Member of the West Virginia Senate
- In office December 1, 2012 – January 14, 2015
- Preceded by: William Laird IV
- Succeeded by: Greg Boso
- Constituency: 11th district
- In office December 1, 2004 – December 1, 2012
- Preceded by: Mike Ross
- Succeeded by: Craig Blair
- Constituency: 15th district

Personal details
- Born: August 6, 1950 (age 76) Portsmouth, Virginia, U.S.
- Party: Republican
- Spouse(s): Deborah Lynn Chewning Barnes, Debora Lynn Miller Barnes
- Children: Thadeus Erickson Elizabeth Rachel
- Education: Davis & Elkins College (A.A.S.) West Virginia University (B.A.) Pensacola Christian College (M.A.)

= Clark Barnes =

American politician (born 1950)

Clark S. Barnes (born August 6, 1950) is a former member of the West Virginia Senate, representing District 15 as a Republican.
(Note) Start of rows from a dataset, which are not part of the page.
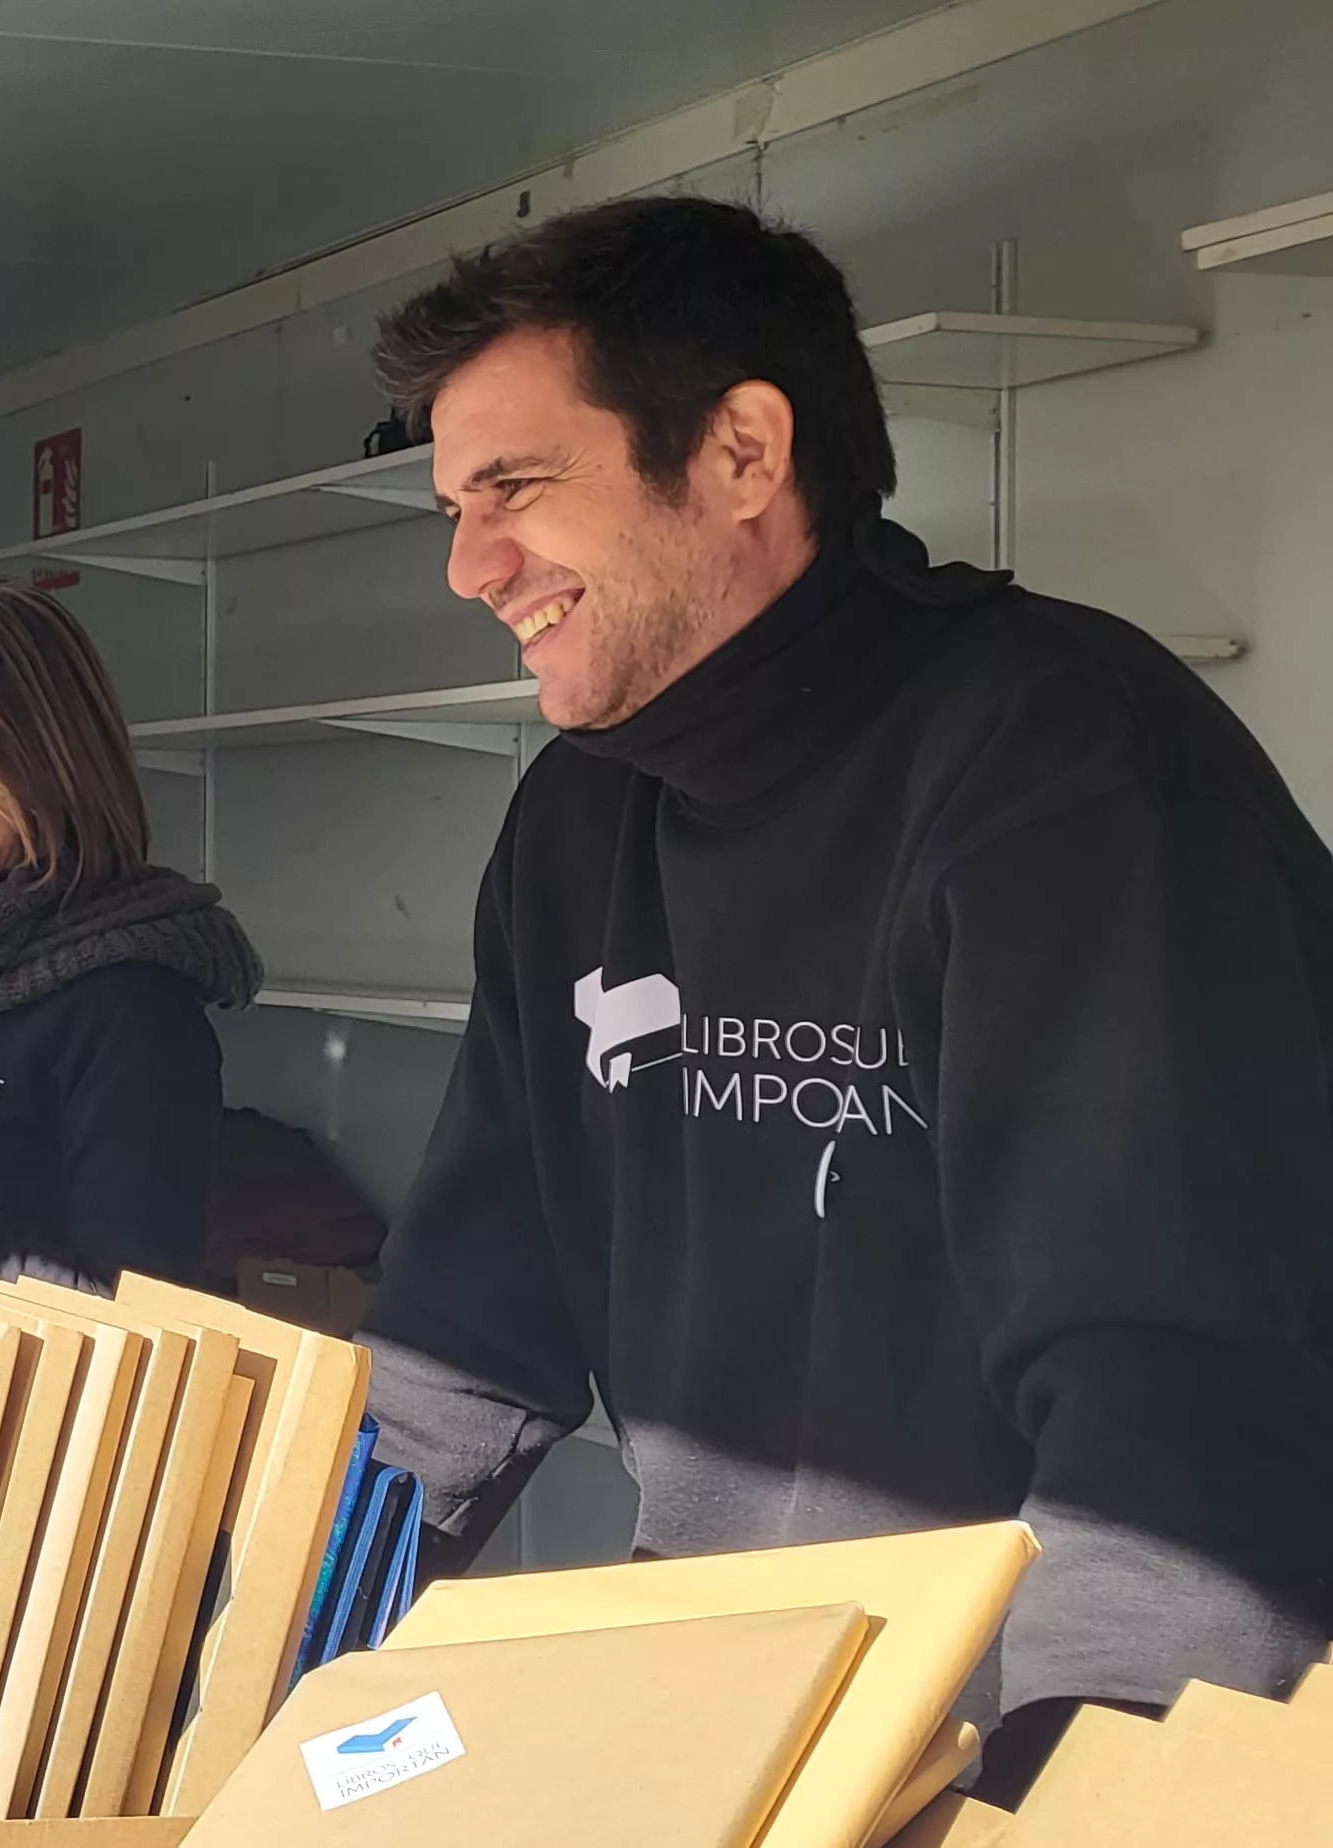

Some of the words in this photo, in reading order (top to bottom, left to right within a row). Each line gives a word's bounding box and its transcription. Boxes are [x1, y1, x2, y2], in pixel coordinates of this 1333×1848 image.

[682, 1013, 855, 1066] LIBROS
[682, 1067, 929, 1135] IMPOAN
[340, 1747, 450, 1798] IMPORTAN
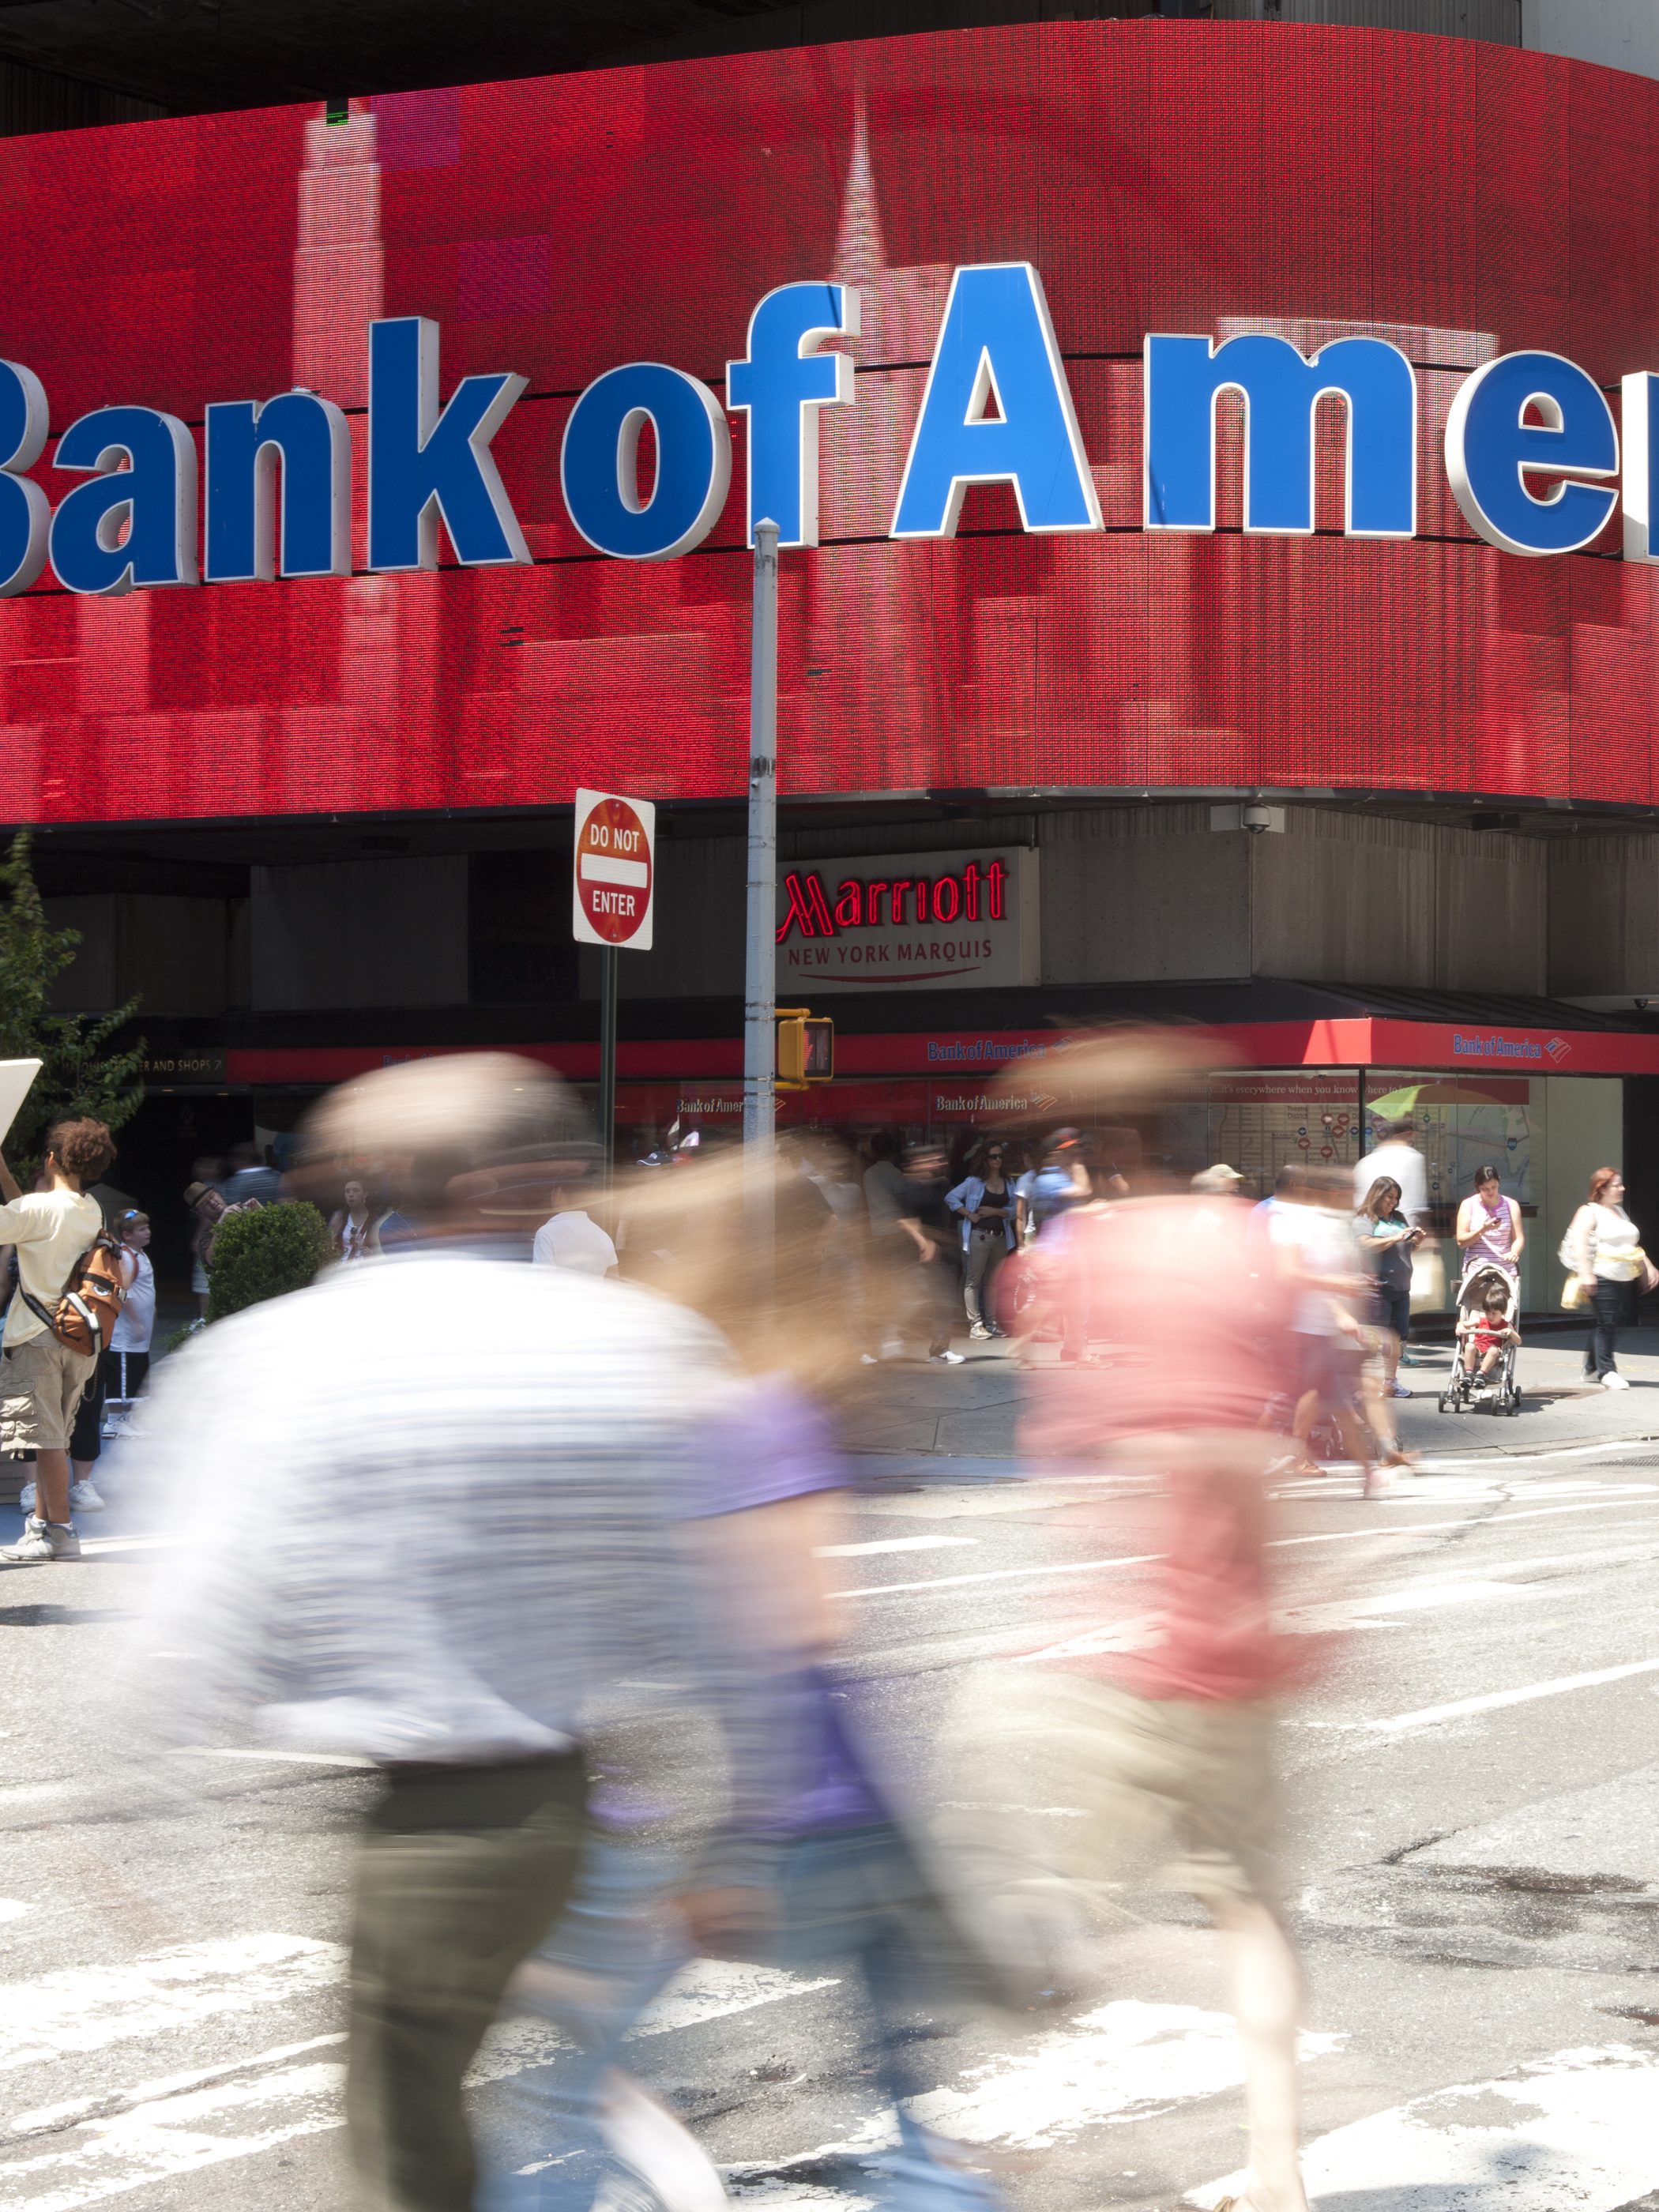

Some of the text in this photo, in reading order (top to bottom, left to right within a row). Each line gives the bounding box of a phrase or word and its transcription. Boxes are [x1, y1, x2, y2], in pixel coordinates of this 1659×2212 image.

[560, 281, 860, 562] of
[889, 261, 1659, 561] Ame
[590, 823, 640, 853] DO NOT
[592, 890, 635, 917] ENTER
[775, 857, 1010, 946] Marriott
[788, 939, 993, 966] NEW YORK MARQUIS
[927, 1039, 1046, 1061] Bank of America
[1454, 1033, 1542, 1059] Bank of America
[152, 1059, 175, 1072] AND
[178, 1059, 211, 1072] SHOPS
[935, 1094, 1027, 1111] Bank of America
[1236, 1084, 1286, 1096] everywhere
[1288, 1084, 1313, 1094] when
[1315, 1086, 1332, 1096] you
[1334, 1084, 1358, 1094] know
[1389, 1085, 1398, 1094] to
[676, 1097, 743, 1113] Bank of Amer
Originally elected in 2004, Barnes was reelected to the Senate’s District 15 in 2008. He ran in the 2012 election for West Virginia State Senate, District 11. He resigned in January 2015 when elected to become Clerk of the Senate. Professionally, Sen. Barnes, a Board Certified Hearing Instrument Specialist, has been the director of Heritage Hearing Aid Centers with offices in West Virginia and Virginia, the president of both General Lee Properties, Inc., and Heritage Hills Development Corporation. He is a past national director of the National Board of Certification for Hearing Instrument Specialists and has served as president of the West Virginia Hearing Society. He is a U.S. Army veteran who served with the Corps of Engineers at Fort Belvoir, Virginia, US Army European HQ, Heidelberg, Germany, and as a nuclear, biological and chemical NCO with the US Army Reserve.

== Political career ==
Barnes was elected to the West Virginia State Senate in 2004, defeating then 12-year incumbent Mike Ross in a close race that concluded after two vote recounts. He became the first Republican senator to serve his home County of Randolph since 1929. In 2006, the junior Republican was selected to serve as minority whip in the senate. Barnes was reelected for a second term in 2008. There was no controversy in the race as Barnes defeated the same opponent, Ross, by several thousand votes.

Barnes served on the following committees:
West Virginia State Legislature Economic Development Committee, West Virginia State Legislature Education Committee, West Virginia State Legislature Government Operations Committee, West Virginia State Legislature Judiciary Committee, West Virginia State Legislature Regional Jail and Correctional Facility Authority Committee, West Virginia State Senate Enrolled Bills Committee, West Virginia State Senate Labor Committee, West Virginia State Senate Natural Resources Committee, West Virginia State Senate Transportation and Infrastructure Committee.

In 2011, Barnes ran for Governor of West Virginia in a special election, placing third in the Republican primary.

Barnes ran in the 2012 election for West Virginia State Senate, District 11. Barnes ran unopposed in the May 8, 2012, primary election and was challenged by Margaret Kerr Beckwith in the general election, which took place on November 6, 2012.

== History ==
The son of a Baptist minister, Barnes spent his younger years in the Northview section of Clarksburg and is the grandson of Erna and Cora Barnes. His family later moved to Paden City, in the Ohio valley, where he graduated from Paden City High School. Barnes served as an enlisted soldier with the Army Corps of Engineers from 1973 to 1976, including an assignment as a chemical, biological, and nuclear non-commissioned officer.

Barnes attended Northern Virginia Community College before enrolling at Davis & Elkins College, located In Elkins, West Virginia. Barnes earned AAS in business administration from Davis & Elkins College. He then earned his BA while attending West Virginia University, located in Morgantown, West Virginia. Finally, Barnes earned his MA from Pensacola Christian College.

He married Deborah Chewning of Coalton, West Virginia, in 1972, and has four children: Thad, Erick, Elizabeth, and Rachel. He remarried in 2014 to the former Debora Miller of Buckhannon, West Virginia.